I showed the Kuwahara filter and while it's rather cool, there's actually a filter that works a bit better: symmetric nearest neighbor. The SNN filter works in a similar fashion to k-nearest neighbor algorithms (which I'm sure is surprising since it more or less is a KNN algorithm...). All the algorithm does, is it takes symmetric pairs (although you can use quadruples as well) of pixels, compares each one to the center pixel, and the one that is closer (color wise, not distance) gets added to the total for that center pixel. At the end we divide by the number of pixels we added together and we end up with the new center pixel... Anyway, I'm sure that code would probably help you out more than my poor explanation:

 /// <summary>
/// Does smoothing using a SNN blur
/// </summary>
/// <param name="OriginalImage">Image to manipulate</param>
/// <param name="Size">Size of the aperture</param>
public static Bitmap SNNBlur(Bitmap OriginalImage, int Size)
{
Bitmap NewBitmap = new Bitmap(OriginalImage.Width, OriginalImage.Height);
BitmapData NewData = Image.LockImage(NewBitmap);
BitmapData OldData = Image.LockImage(OriginalImage);
int NewPixelSize = Image.GetPixelSize(NewData);
int OldPixelSize = Image.GetPixelSize(OldData);
int ApetureMinX = -(Size / 2);
int ApetureMaxX = (Size / 2);
int ApetureMinY = -(Size / 2);
int ApetureMaxY = (Size / 2);
for (int x = 0; x < NewBitmap.Width; ++x)
{
for (int y = 0; y < NewBitmap.Height; ++y)
{
int RValue = 0;
int GValue = 0;
int BValue = 0;
int NumPixels = 0;
for (int x2 = ApetureMinX; x2 < ApetureMaxX; ++x2)
{
int TempX1 = x + x2;
int TempX2 = x - x2;
if (TempX1 >= 0 && TempX1 < NewBitmap.Width && TempX2 >= 0 && TempX2 < NewBitmap.Width)
{
for (int y2 = ApetureMinY; y2 < ApetureMaxY; ++y2)
{
int TempY1 = y + y2;
int TempY2 = y - y2;
if (TempY1 >= 0 && TempY1 < NewBitmap.Height && TempY2 >= 0 && TempY2 < NewBitmap.Height)
{
Color TempColor = Image.GetPixel(OldData, x, y, OldPixelSize);
Color TempColor2 = Image.GetPixel(OldData, TempX1, TempY1, OldPixelSize);
Color TempColor3 = Image.GetPixel(OldData, TempX2, TempY2, OldPixelSize);
if (Distance(TempColor.R, TempColor2.R, TempColor.G, TempColor2.G, TempColor.B, TempColor2.B) <
Distance(TempColor.R, TempColor3.R, TempColor.G, TempColor3.G, TempColor.B, TempColor3.B))
{
RValue += TempColor2.R;
GValue += TempColor2.G;
BValue += TempColor2.B;
}
else
{
RValue += TempColor3.R;
GValue += TempColor3.G;
BValue += TempColor3.B;
}
++NumPixels;
}
}
}
}
Color MeanPixel = Color.FromArgb(RValue / NumPixels,
GValue / NumPixels,
BValue / NumPixels);
Image.SetPixel(NewData, x, y, MeanPixel, NewPixelSize);
}
}
Image.UnlockImage(NewBitmap, NewData);
Image.UnlockImage(OriginalImage, OldData);
return NewBitmap;
}

private static double Distance(int R1, int R2, int G1, int G2, int B1, int B2)
{
return System.Math.Sqrt(((R1 - R2) * (R1 - R2)) + ((G1 - G2) * (G1 - G2)) + ((B1 - B2) * (B1 - B2)));
}

Please note that the code uses a couple of functions from my utility library.
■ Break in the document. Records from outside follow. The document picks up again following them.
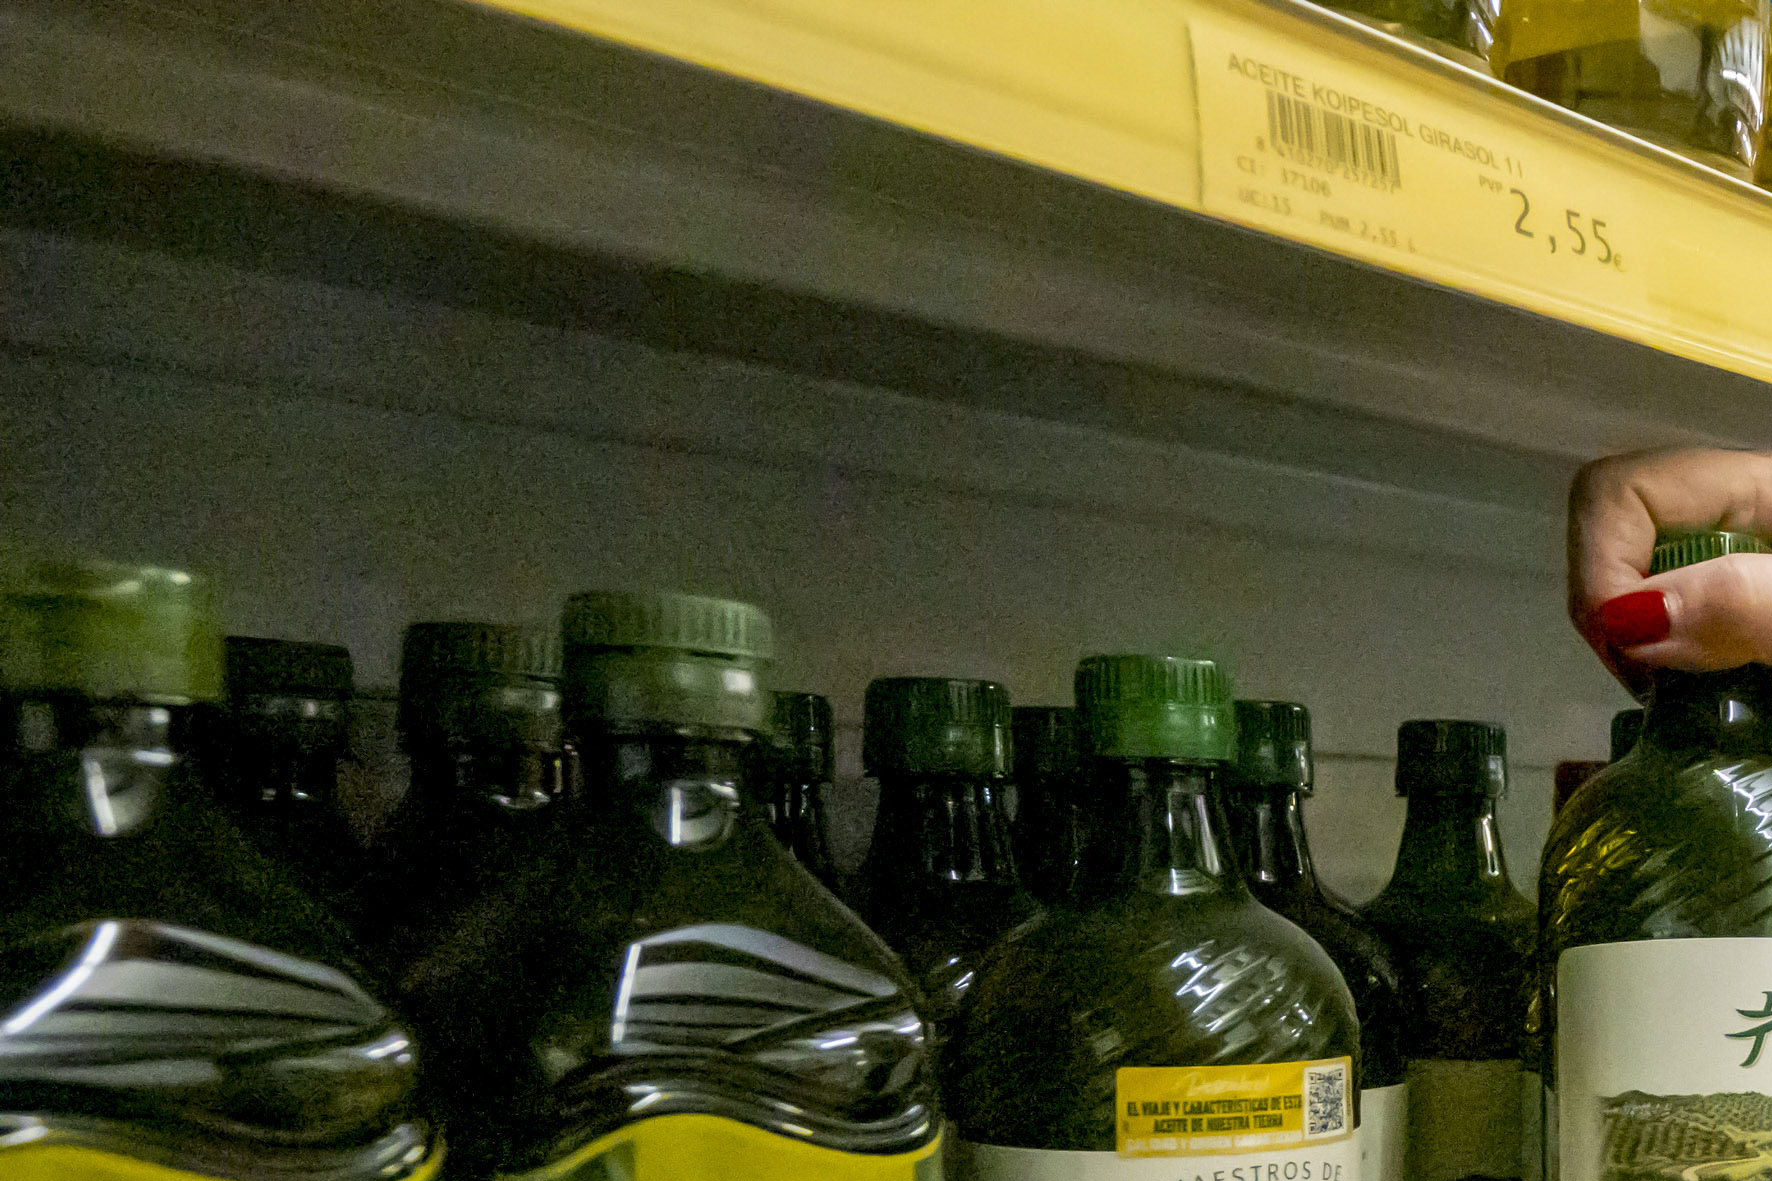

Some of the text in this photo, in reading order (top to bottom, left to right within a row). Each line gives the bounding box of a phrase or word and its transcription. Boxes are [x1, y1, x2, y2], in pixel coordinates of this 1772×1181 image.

[1228, 52, 1307, 98] ACEITE
[1312, 83, 1414, 138] KOIPESOL
[1419, 123, 1500, 170] GIRASOL
[1479, 174, 1502, 193] PVP
[1127, 1101, 1139, 1117] EL
[1142, 1100, 1171, 1116] VIAJE
[1172, 1101, 1179, 1116] Y
[1269, 1096, 1282, 1110] DE
[1153, 1113, 1283, 1133] ACEITE DE NUESTRA TIERRA
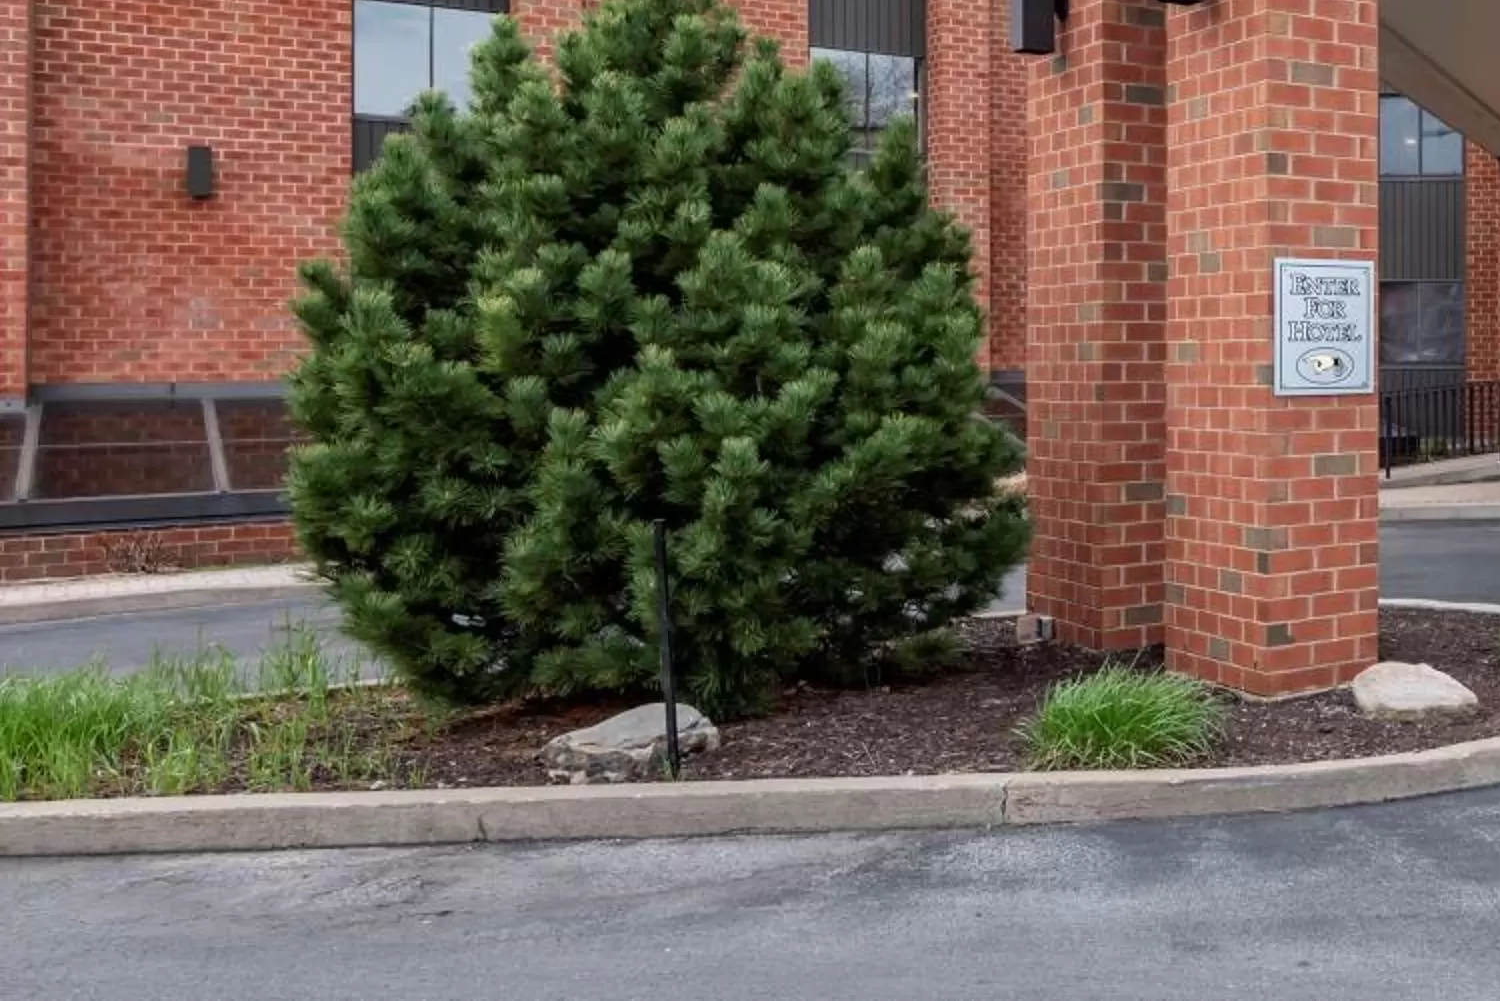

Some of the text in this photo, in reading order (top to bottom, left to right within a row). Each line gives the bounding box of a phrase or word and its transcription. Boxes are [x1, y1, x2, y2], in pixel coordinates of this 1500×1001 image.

[1289, 273, 1361, 296] ENTER
[1303, 296, 1347, 319] FOR
[1288, 320, 1363, 342] HOTEL
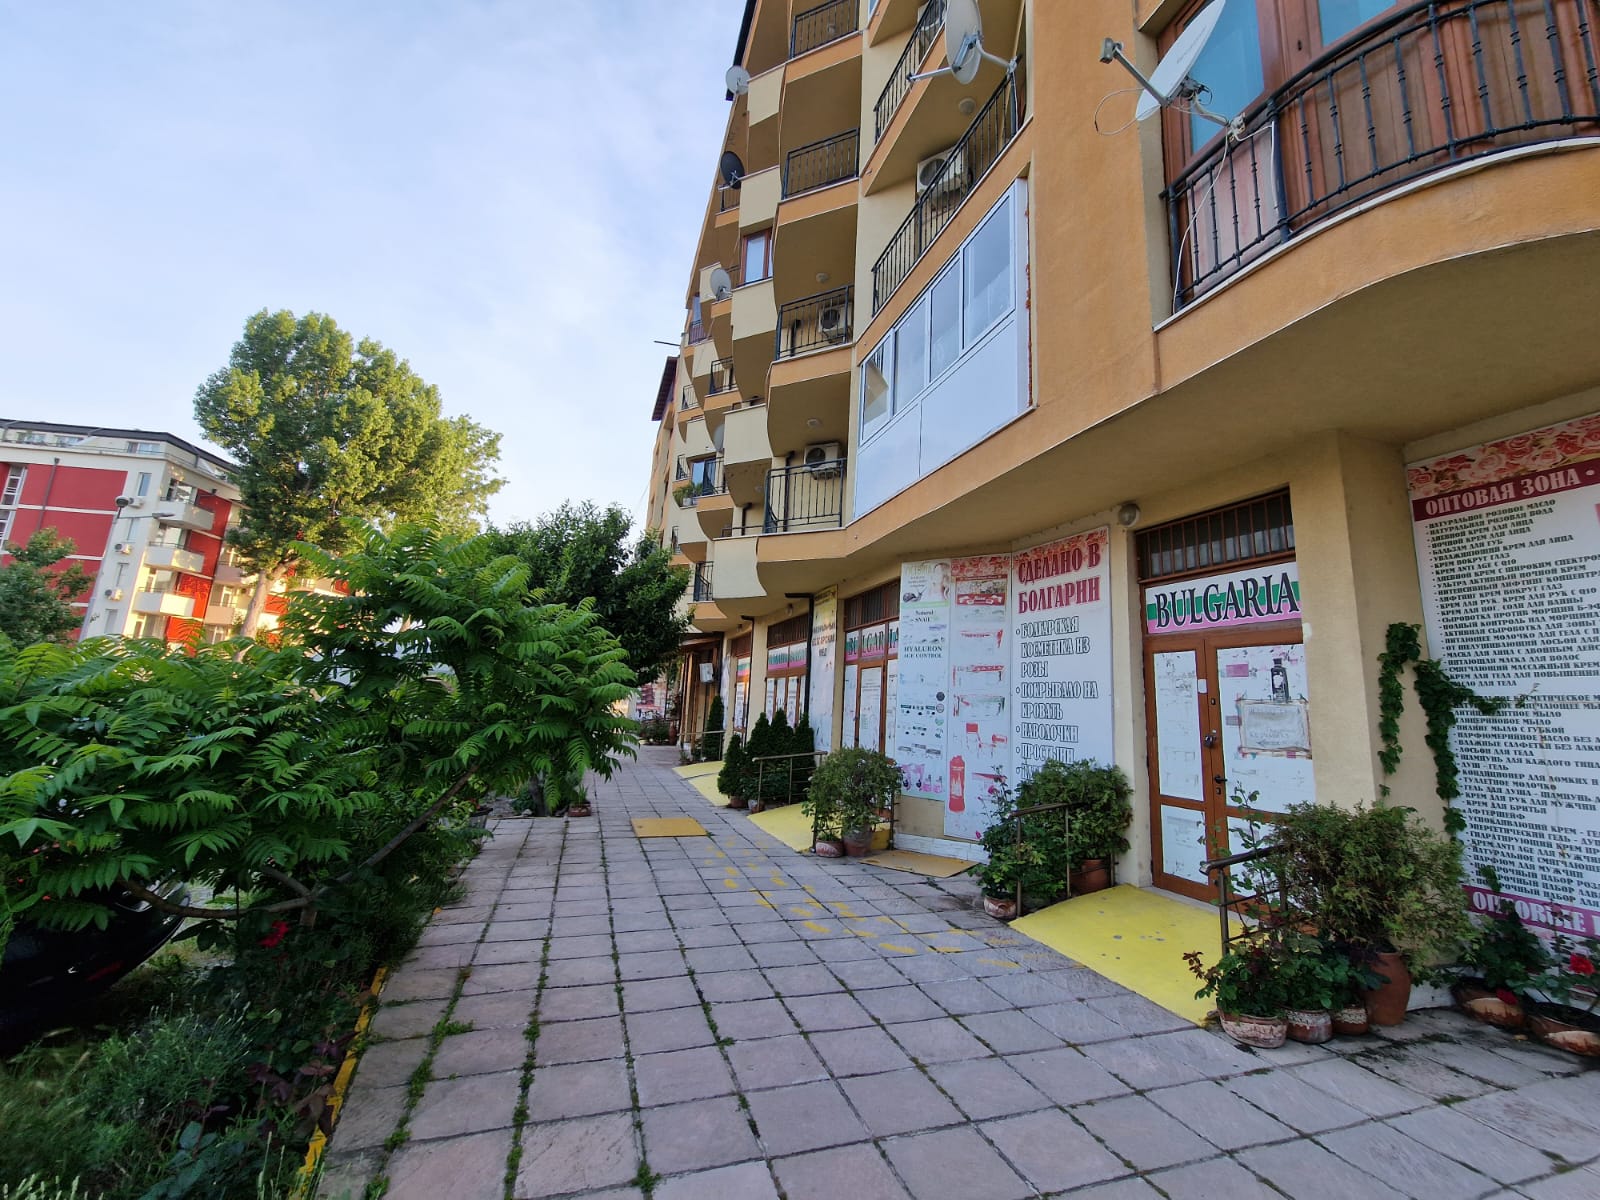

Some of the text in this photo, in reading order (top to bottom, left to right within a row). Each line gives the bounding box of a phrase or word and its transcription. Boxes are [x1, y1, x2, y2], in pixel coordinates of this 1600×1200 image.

[1425, 469, 1580, 515] ОПТОВАЯ ЗОНА
[1528, 500, 1555, 510] МАСЛО
[1466, 534, 1486, 543] КРЕМ
[1490, 531, 1505, 539] ДЛЯ
[1469, 527, 1489, 535] КРЕМ
[1503, 542, 1525, 551] КРЕМ
[1529, 539, 1545, 547] ДЛЯ
[1018, 542, 1101, 586] СДЕЛАНО В
[1434, 560, 1454, 568] КРЕМ
[1436, 567, 1455, 575] КРЕМ
[1560, 565, 1586, 573] КРЕМ
[1475, 569, 1495, 577] КРЕМ
[1018, 576, 1101, 613] БОЛГАРИИ
[1155, 572, 1299, 628] BULGARIA
[1479, 590, 1500, 598] КРЕМ
[1021, 616, 1079, 638] БОЛГАРСКАЯ
[1021, 636, 1090, 658] КОСМЕТИКА ИЗ
[1021, 661, 1048, 678] РОЗЫ
[1021, 681, 1099, 698] ПОКРЫВАЛО НА
[1021, 702, 1063, 720] КРОВАТЬ
[1021, 723, 1079, 743] НАВОЛОЧКИ
[1021, 743, 1074, 765] ПРОСТЫНИ
[1466, 792, 1486, 800] КРЕМ
[1551, 826, 1576, 834] КРЕМ
Namely it uses an image locking/unlocking function to speed things up a bit, which can be removed and a SetPixel/GetPixel function which can be replaced with the built in .Net equivalents. Anyway, the code above has two functions. The first is the actual SNN function. It takes a bitmap and also the size of the box around each pixel that you want to look at. The second function is simply a helper, that calculates the Euclidean distance between two pixels. The code is rather straight forward. You look at each pixel and the pixels around it, taking the values that are closest in color. You add up the values and then divide it by the number of pixels that you added together. Very basic but it does a great job at smoothing an item and yet preserving borders. Anyway, hopefully this helps you out. So give it a try, leave feedback, and happy coding.